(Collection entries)
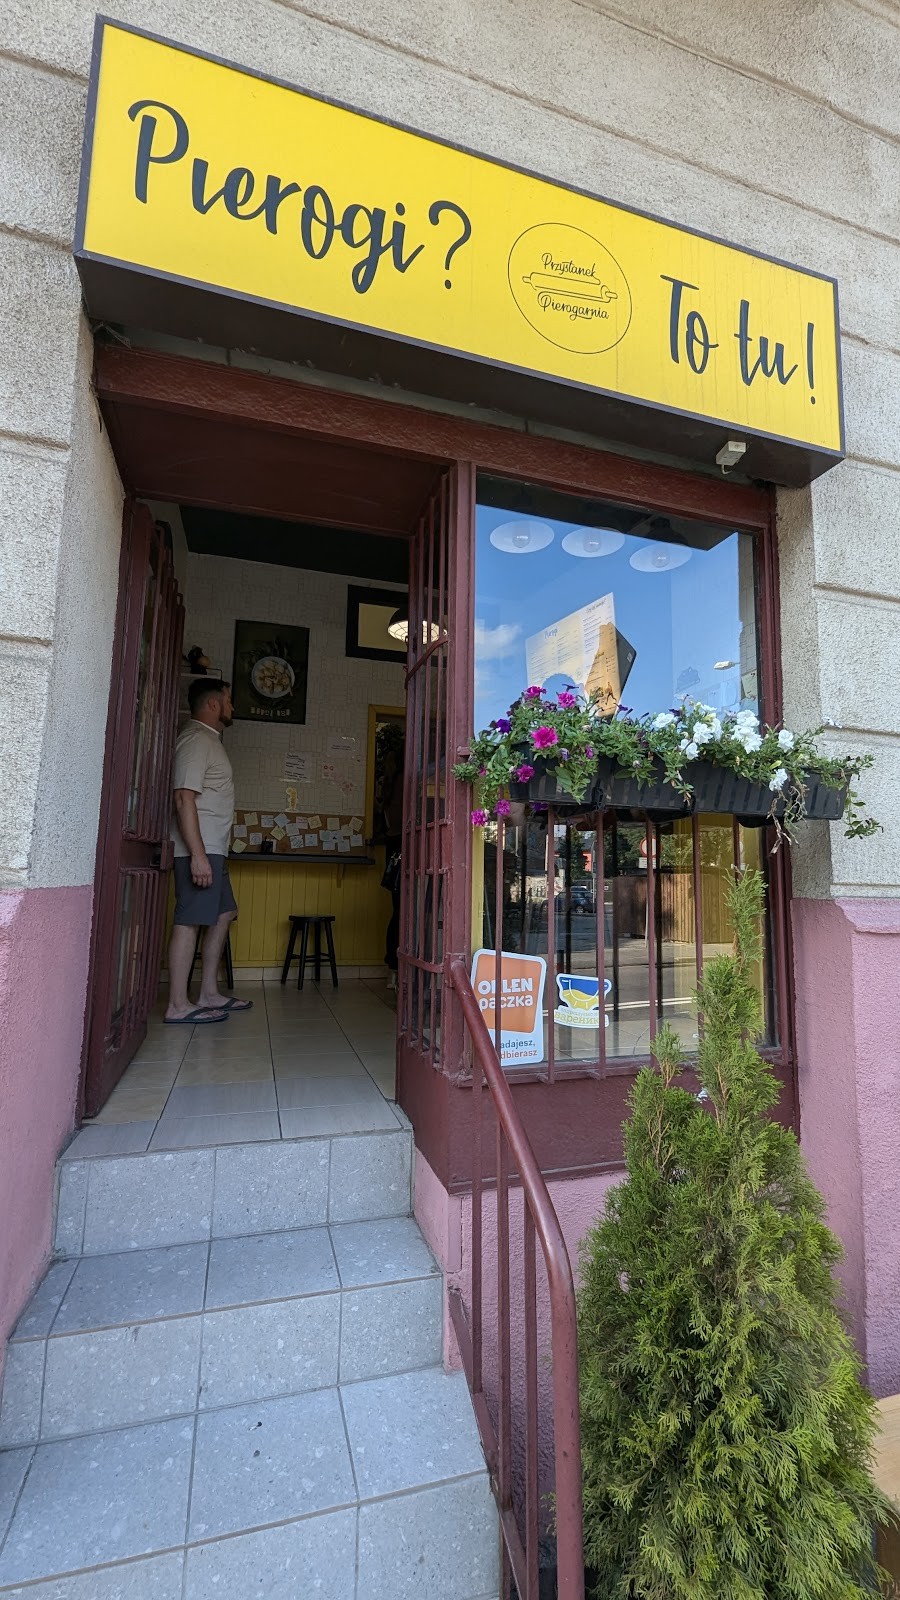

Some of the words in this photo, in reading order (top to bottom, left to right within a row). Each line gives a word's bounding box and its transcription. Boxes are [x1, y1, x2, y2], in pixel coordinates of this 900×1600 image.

[127, 100, 472, 294] Pierogi?
[541, 252, 597, 277] Przystanek
[538, 294, 609, 321] Pierogarnia
[660, 274, 719, 374] To
[733, 299, 816, 405] tu!
[478, 994, 534, 1010] paczka
[500, 1039, 536, 1050] adajesz,
[500, 1050, 538, 1059] dbierasz

## WORK REQUEST
Give each record above back word for word, but carry over none of the pictures.

## SOLVED EXERCISE
Some of the words in this photo, in reading order (top to bottom, left to right within a row). Each line gives a word's bounding box and its transcription. Boxes are [x1, y1, x2, y2], in pixel coordinates of this 900×1600 image.

[127, 100, 472, 294] Pierogi?
[541, 252, 597, 277] Przystanek
[538, 294, 609, 321] Pierogarnia
[660, 274, 719, 374] To
[733, 299, 816, 405] tu!
[478, 994, 534, 1010] paczka
[500, 1039, 536, 1050] adajesz,
[500, 1050, 538, 1059] dbierasz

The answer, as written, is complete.